Print the records below exactly; all of them are needed.

Segment Start: Records provided

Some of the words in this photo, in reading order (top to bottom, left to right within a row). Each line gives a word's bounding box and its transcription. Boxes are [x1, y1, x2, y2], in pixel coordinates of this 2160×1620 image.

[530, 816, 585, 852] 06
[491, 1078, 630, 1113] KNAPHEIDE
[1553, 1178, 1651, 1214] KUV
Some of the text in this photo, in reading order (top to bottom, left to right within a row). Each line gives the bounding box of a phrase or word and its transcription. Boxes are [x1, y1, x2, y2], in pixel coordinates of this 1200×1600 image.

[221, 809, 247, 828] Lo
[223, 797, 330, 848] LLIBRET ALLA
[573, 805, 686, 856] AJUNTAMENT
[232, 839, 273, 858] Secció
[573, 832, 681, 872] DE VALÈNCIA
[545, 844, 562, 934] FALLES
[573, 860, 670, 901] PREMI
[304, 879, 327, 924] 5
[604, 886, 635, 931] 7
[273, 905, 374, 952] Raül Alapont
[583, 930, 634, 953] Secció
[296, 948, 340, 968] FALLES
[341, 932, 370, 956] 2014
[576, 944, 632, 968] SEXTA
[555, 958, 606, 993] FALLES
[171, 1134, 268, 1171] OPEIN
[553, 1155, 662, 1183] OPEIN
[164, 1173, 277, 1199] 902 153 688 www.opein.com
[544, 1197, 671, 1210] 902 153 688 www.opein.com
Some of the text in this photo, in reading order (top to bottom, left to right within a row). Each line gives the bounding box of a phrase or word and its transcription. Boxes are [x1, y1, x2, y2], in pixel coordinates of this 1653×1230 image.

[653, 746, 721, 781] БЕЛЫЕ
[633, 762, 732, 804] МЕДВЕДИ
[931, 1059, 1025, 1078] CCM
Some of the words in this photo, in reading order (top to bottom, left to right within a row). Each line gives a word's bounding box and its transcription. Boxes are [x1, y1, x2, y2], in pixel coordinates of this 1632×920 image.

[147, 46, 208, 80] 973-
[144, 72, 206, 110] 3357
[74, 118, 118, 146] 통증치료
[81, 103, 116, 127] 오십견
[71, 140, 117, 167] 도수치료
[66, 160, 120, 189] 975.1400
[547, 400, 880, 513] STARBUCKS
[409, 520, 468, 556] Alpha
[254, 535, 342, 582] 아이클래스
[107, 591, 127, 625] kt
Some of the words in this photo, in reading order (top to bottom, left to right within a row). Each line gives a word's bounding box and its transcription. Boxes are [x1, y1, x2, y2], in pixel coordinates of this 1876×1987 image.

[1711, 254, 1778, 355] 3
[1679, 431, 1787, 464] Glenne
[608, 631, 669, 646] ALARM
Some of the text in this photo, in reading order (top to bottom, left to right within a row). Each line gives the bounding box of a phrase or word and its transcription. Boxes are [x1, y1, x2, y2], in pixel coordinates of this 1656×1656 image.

Segment End: Records provided

▶ **Response below**
Some of the words in this photo, in reading order (top to bottom, left to right within a row). Each line gives a word's bounding box and its transcription. Boxes are [x1, y1, x2, y2], in pixel coordinates of this 2160×1620 image.

[530, 816, 585, 852] 06
[491, 1078, 630, 1113] KNAPHEIDE
[1553, 1178, 1651, 1214] KUV
Some of the text in this photo, in reading order (top to bottom, left to right within a row). Each line gives the bounding box of a phrase or word and its transcription. Boxes are [x1, y1, x2, y2], in pixel coordinates of this 1200×1600 image.

[221, 809, 247, 828] Lo
[223, 797, 330, 848] LLIBRET ALLA
[573, 805, 686, 856] AJUNTAMENT
[232, 839, 273, 858] Secció
[573, 832, 681, 872] DE VALÈNCIA
[545, 844, 562, 934] FALLES
[573, 860, 670, 901] PREMI
[304, 879, 327, 924] 5
[604, 886, 635, 931] 7
[273, 905, 374, 952] Raül Alapont
[583, 930, 634, 953] Secció
[296, 948, 340, 968] FALLES
[341, 932, 370, 956] 2014
[576, 944, 632, 968] SEXTA
[555, 958, 606, 993] FALLES
[171, 1134, 268, 1171] OPEIN
[553, 1155, 662, 1183] OPEIN
[164, 1173, 277, 1199] 902 153 688 www.opein.com
[544, 1197, 671, 1210] 902 153 688 www.opein.com
Some of the text in this photo, in reading order (top to bottom, left to right within a row). Each line gives the bounding box of a phrase or word and its transcription. Boxes are [x1, y1, x2, y2], in pixel coordinates of this 1653×1230 image.

[653, 746, 721, 781] БЕЛЫЕ
[633, 762, 732, 804] МЕДВЕДИ
[931, 1059, 1025, 1078] CCM
Some of the words in this photo, in reading order (top to bottom, left to right within a row). Each line gives a word's bounding box and its transcription. Boxes are [x1, y1, x2, y2], in pixel coordinates of this 1632×920 image.

[147, 46, 208, 80] 973-
[144, 72, 206, 110] 3357
[74, 118, 118, 146] 통증치료
[81, 103, 116, 127] 오십견
[71, 140, 117, 167] 도수치료
[66, 160, 120, 189] 975.1400
[547, 400, 880, 513] STARBUCKS
[409, 520, 468, 556] Alpha
[254, 535, 342, 582] 아이클래스
[107, 591, 127, 625] kt
Some of the words in this photo, in reading order (top to bottom, left to right within a row). Each line gives a word's bounding box and its transcription. Boxes are [x1, y1, x2, y2], in pixel coordinates of this 1876×1987 image.

[1711, 254, 1778, 355] 3
[1679, 431, 1787, 464] Glenne
[608, 631, 669, 646] ALARM
Some of the text in this photo, in reading order (top to bottom, left to right within a row). Each line gives the bounding box of a phrase or word and its transcription. Boxes are [x1, y1, x2, y2], in pixel coordinates of this 1656×1656 image.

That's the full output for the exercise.